Por su parte, Alberto Carleti, quien integra la Comisión Cerezas de Mendoza (CCM), describió que hasta el momento el sector se muestra en alerta ya que el frío se está haciendo esperar y de prolongarse las altas temperaturas el problema podría ser serio para esta fruta.

“Lo que sucede es que bajo este fenómeno se acortan las horas de frío que precisa el cultivo para lograr una producción eficiente y las circunstancias hasta el momento no son las normales para el ciclo del cerezo”, remarcó Carleti.

A lo que agregó que este cultivo que no acumula esas horas sufre dos efectos: uno de ellos es que entra en floración anticipadamente y el cultivo se expone al riesgo de heladas. Y el segundo es que la planta no acumula las reservas necesarias en invierno que luego necesita en la época de cuaje y brotación para una producción normal.

Para Carleti, el caso de la variedad de cereza Bing -la cual predomina en Mendoza- precisa entre 1.000 y 1.400 horas, cuando suma 700 horas es un mal año, con 900 a 1.000 horas el cultivo anda bastante bien. Por lo que el empresario indicó que lo que debería suceder es que en los próximos 45 días (15 días de junio y todo julio) las temperaturas sean menores a los 7º para así lograr esa dosis de las que menciona.

En el caso de los demás cultivos, Raúl Aruani advirtió, al igual que Carleti, que al no acumularse las horas normales es de presumir desórdenes fisiológicos en el despertar primaveral. De este modo, agregó a los comentarios de su colega que esto puede provocar una floración y brotación despareja en el árbol.

“La parte inferior evoluciona más rápido que la superior y esto trae aparejado diferencia de desarrollo de fruta que luego puede afectar a la calidad y cantidad, ya que la fruta no madura del mismo modo y nos vamos a encontrar en la época de cosecha con frutas pequeñas y otras grandes”, acentuó el gerente de Aspeff.

El Ing. Agr. Antonio Weibel, investigador de la EEA Junín INTA, sumó a los comentarios que los frutales de almendros, ciruelo y durazno para industria del Este y Norte de Mendoza serán los más perjudicados, no así los cultivos que se ubican en Valle de Uco, los cuales no están tan limitados al frío y pueden llegar a obtener los niveles normales que necesitan.

Sin embargo, dijo que esto último es lo menos grave, ya que el problema mayor para el ingeniero agrónomo es que si la deficiencia de horas frío es muy marcada, se puede ver seriamente afectada la producción; “si florece mal o se altera la fertilidad de esa flor, por lo que no hay cuaje, no hay fruta o la misma se cae”.

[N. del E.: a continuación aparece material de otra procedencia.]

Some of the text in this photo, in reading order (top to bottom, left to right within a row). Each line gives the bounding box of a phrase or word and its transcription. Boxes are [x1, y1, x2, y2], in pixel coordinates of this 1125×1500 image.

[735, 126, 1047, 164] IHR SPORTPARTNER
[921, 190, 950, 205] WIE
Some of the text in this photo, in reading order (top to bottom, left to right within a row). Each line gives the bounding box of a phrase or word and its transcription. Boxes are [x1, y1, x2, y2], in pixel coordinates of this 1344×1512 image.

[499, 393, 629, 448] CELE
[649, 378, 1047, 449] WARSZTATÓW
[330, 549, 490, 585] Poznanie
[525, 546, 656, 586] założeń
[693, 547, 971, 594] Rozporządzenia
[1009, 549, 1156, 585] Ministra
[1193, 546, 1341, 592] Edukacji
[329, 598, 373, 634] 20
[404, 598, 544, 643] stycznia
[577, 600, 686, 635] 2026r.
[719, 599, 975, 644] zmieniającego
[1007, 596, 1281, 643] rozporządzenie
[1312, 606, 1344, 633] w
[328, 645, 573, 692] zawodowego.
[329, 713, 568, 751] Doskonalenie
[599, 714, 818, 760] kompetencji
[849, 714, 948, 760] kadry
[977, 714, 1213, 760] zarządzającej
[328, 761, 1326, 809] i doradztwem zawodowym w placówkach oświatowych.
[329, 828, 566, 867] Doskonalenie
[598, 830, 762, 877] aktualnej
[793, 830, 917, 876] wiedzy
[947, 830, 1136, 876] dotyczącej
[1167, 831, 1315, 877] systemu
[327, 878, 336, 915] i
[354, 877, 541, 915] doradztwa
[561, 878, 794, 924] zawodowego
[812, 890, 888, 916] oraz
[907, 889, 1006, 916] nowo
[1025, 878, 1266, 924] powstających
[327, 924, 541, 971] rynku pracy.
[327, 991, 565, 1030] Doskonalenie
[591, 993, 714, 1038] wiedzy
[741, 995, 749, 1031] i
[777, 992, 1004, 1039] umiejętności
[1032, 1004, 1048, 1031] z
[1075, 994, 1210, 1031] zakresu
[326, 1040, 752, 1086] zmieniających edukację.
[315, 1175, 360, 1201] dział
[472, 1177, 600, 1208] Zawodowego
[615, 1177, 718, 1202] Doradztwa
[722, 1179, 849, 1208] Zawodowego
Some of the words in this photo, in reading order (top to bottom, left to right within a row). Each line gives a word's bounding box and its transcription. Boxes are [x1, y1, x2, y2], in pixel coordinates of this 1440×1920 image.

No obstante, Aruani se mostró optimista, y subrayó que si la naturaleza es sabia y las temperaturas son más benévolas, es posible que se acomoden las plantas para tener una temporada óptima, ya que de registrarse fríos sostenidos el inicio vegetativo se acomodaría.

Desde el sector del durazno, frutal que necesita entre 1.000 y 1.200 horas frío para ser eficiente, Carlos Quinteros, de la Asociación de Productores de durazno de Mendoza, concordó con la explicación y preocupación de sus colegas ya que las temperaturas menores a 7° grados en los 90 días de invierno no se están dando, modificando la fisiología vegetal de esta planta.